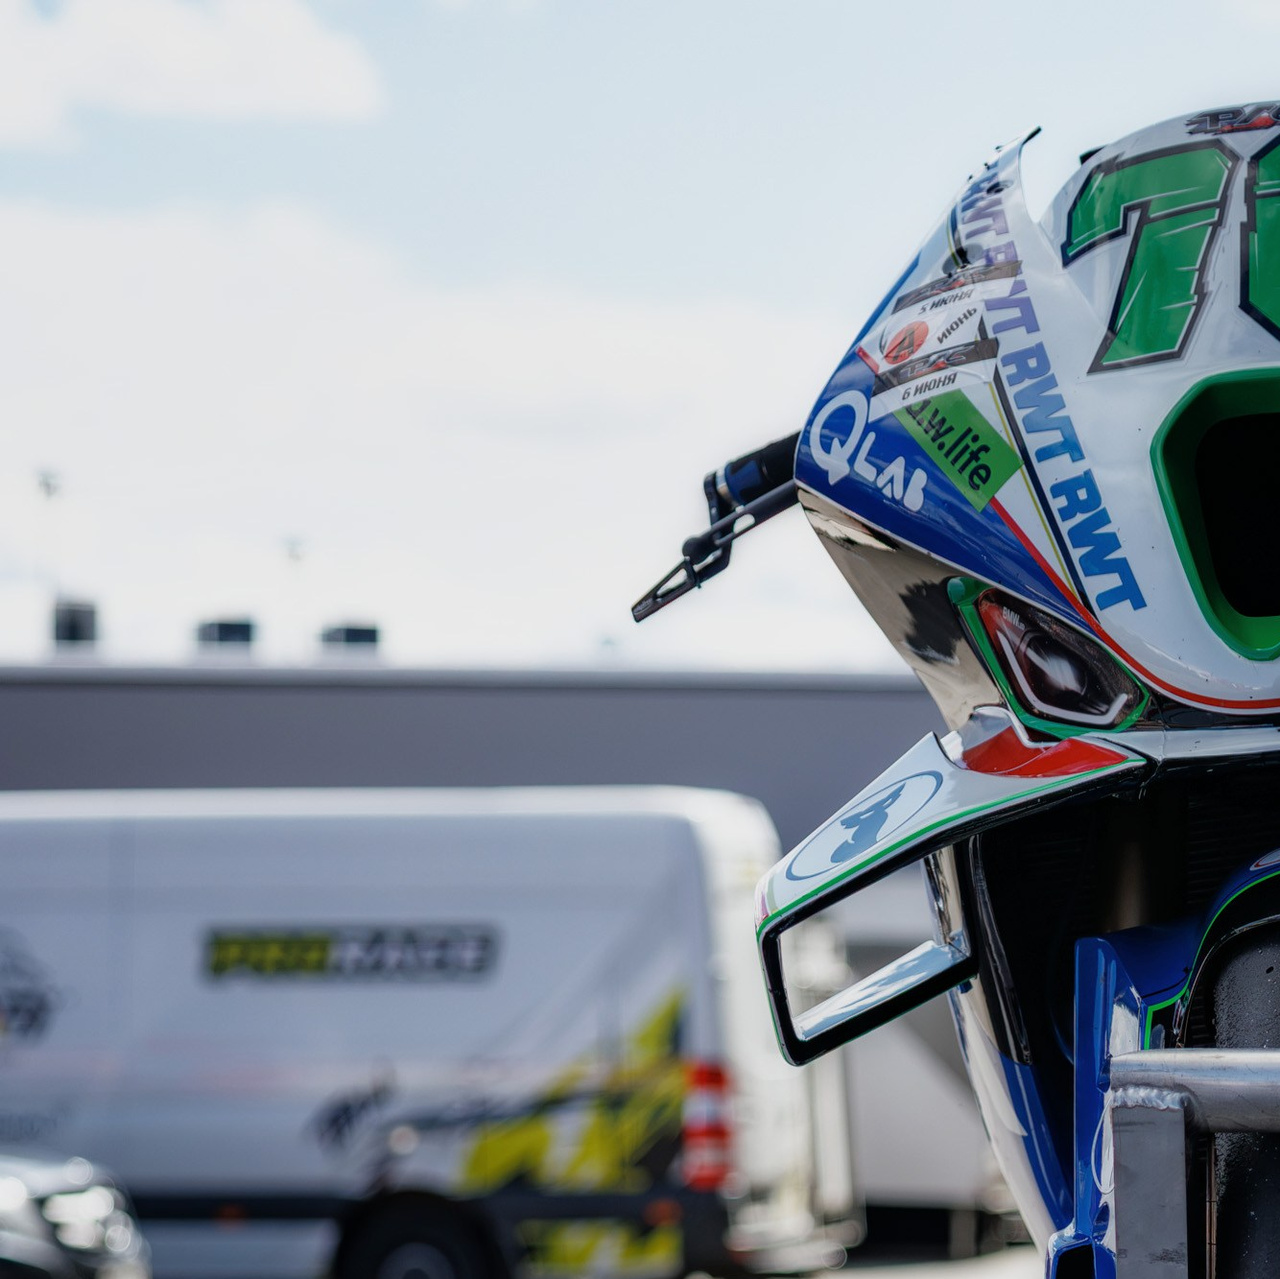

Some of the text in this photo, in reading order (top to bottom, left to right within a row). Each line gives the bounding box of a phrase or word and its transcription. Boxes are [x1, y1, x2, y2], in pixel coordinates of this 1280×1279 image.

[937, 308, 977, 344] ИЮНЬ
[902, 372, 958, 401] 6 ИЮНЯ
[1000, 341, 1086, 463] RWT
[1049, 467, 1147, 611] RWT
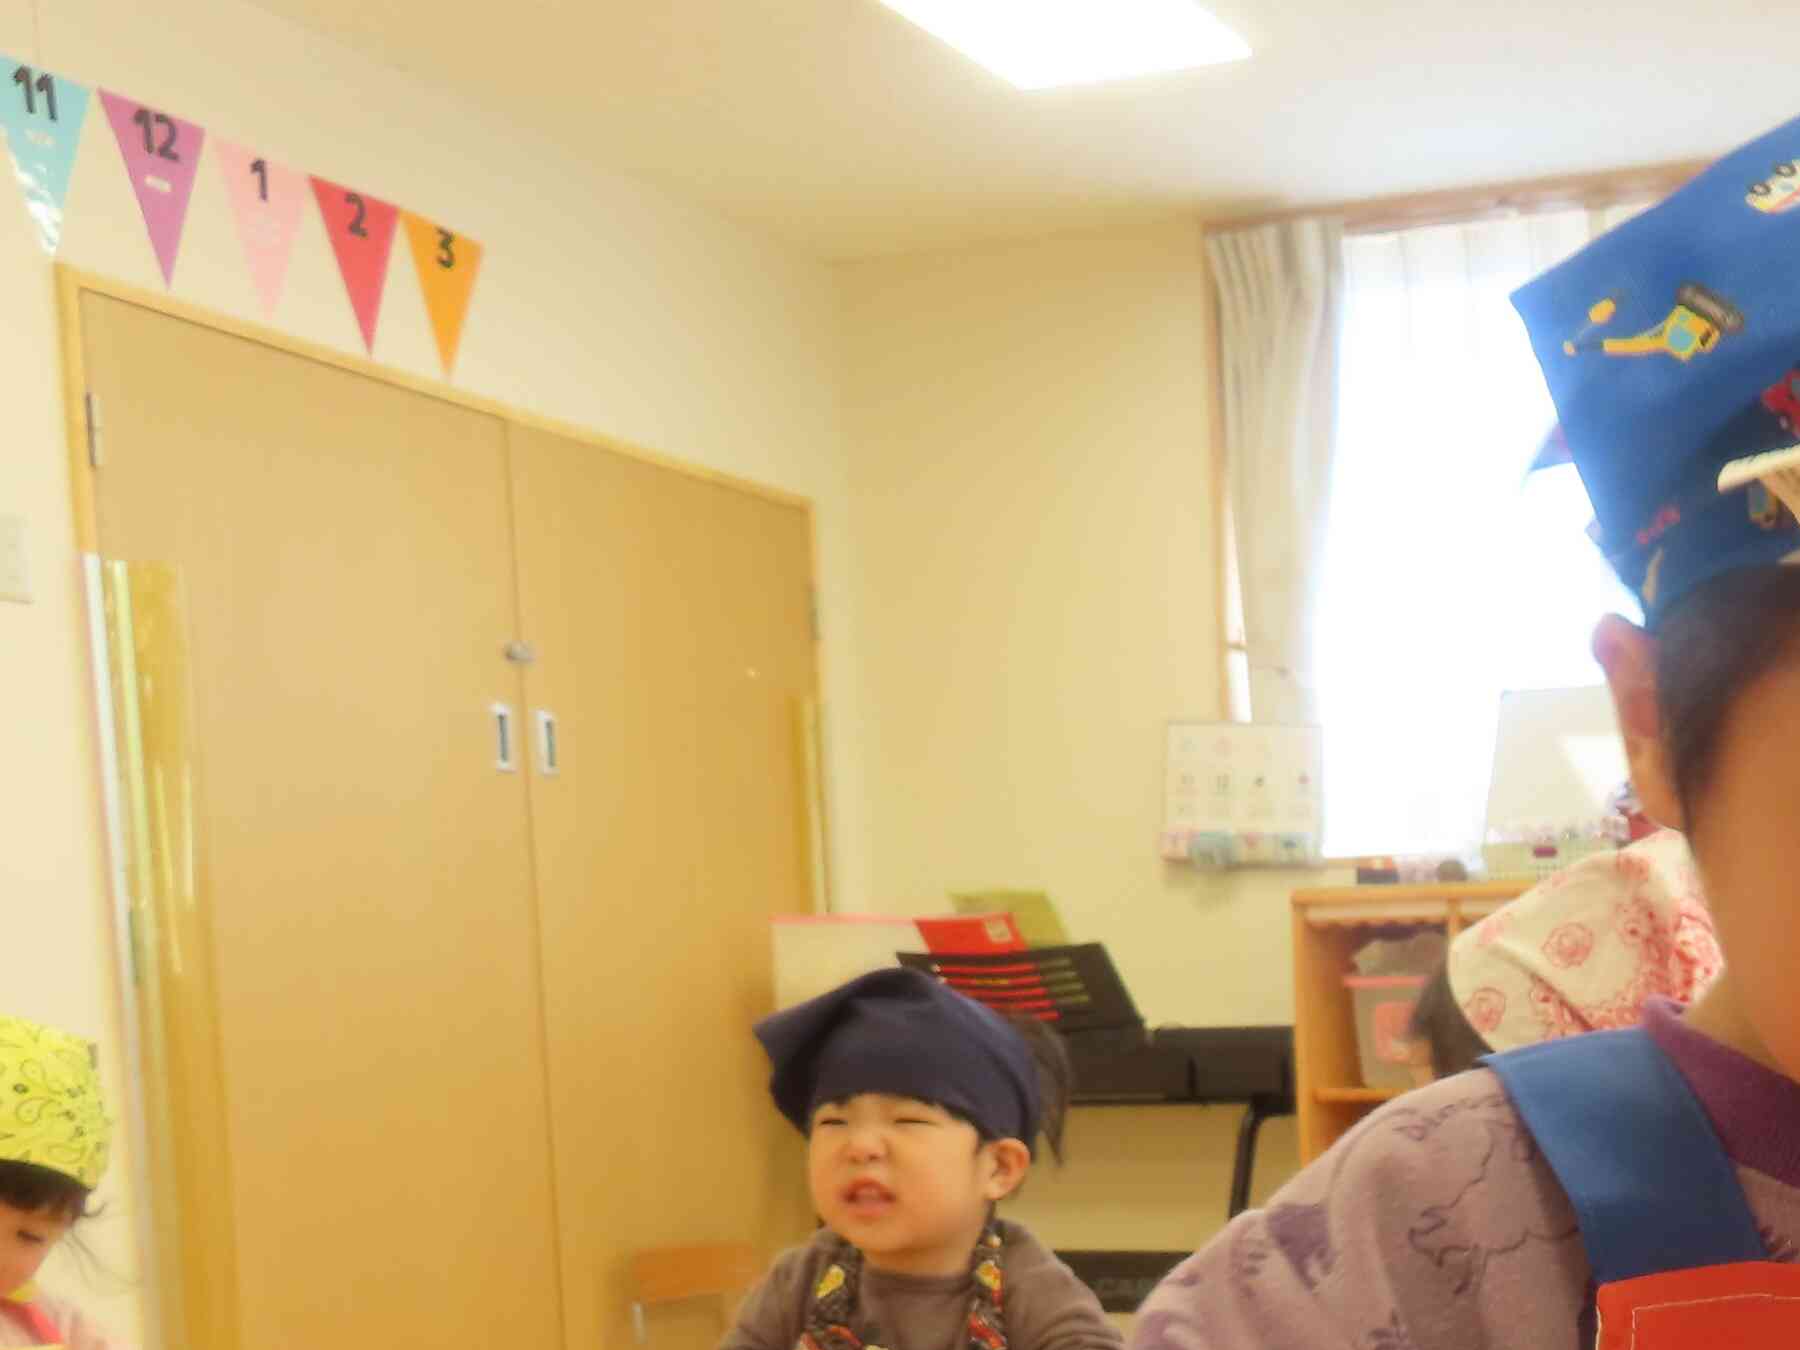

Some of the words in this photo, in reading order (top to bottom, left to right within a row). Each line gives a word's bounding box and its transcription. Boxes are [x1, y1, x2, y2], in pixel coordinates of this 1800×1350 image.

[12, 65, 58, 122] 11
[133, 108, 180, 161] 12
[250, 158, 267, 202] 1
[344, 192, 369, 239] 2
[435, 226, 454, 269] 3
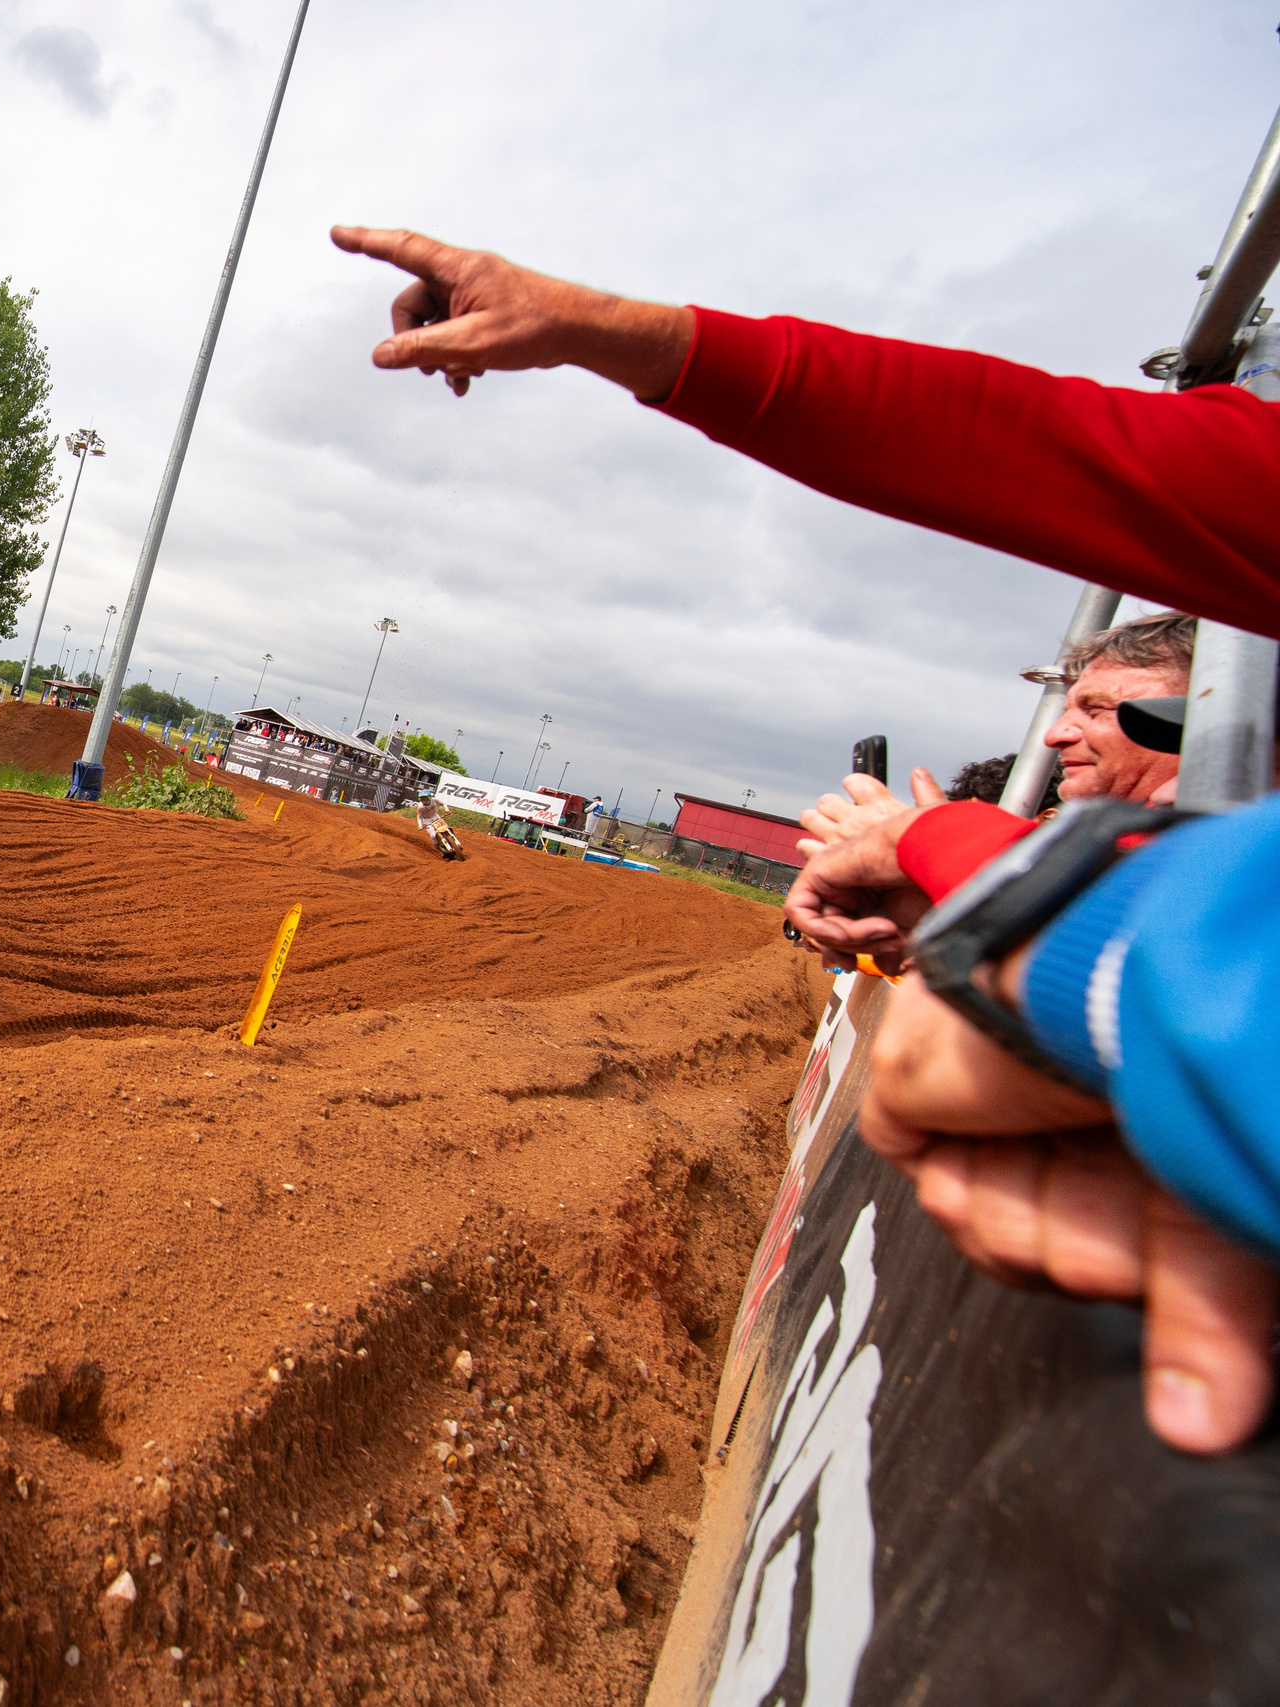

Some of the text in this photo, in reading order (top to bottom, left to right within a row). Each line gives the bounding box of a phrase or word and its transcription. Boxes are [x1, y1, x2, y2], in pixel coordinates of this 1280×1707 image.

[14, 686, 20, 695] 2
[438, 783, 495, 808] RGP MX
[498, 794, 558, 822] RGP MX

- **Task description**
Output the line holding "this 1280×1707 image.", then every later line through the end of the records above, exactly as given and nothing else.

- **Result of the exercise**
Some of the text in this photo, in reading order (top to bottom, left to right within a row). Each line gives the bounding box of a phrase or word and its transcription. Boxes are [x1, y1, x2, y2], in pixel coordinates of this 1280×1707 image.

[14, 686, 20, 695] 2
[438, 783, 495, 808] RGP MX
[498, 794, 558, 822] RGP MX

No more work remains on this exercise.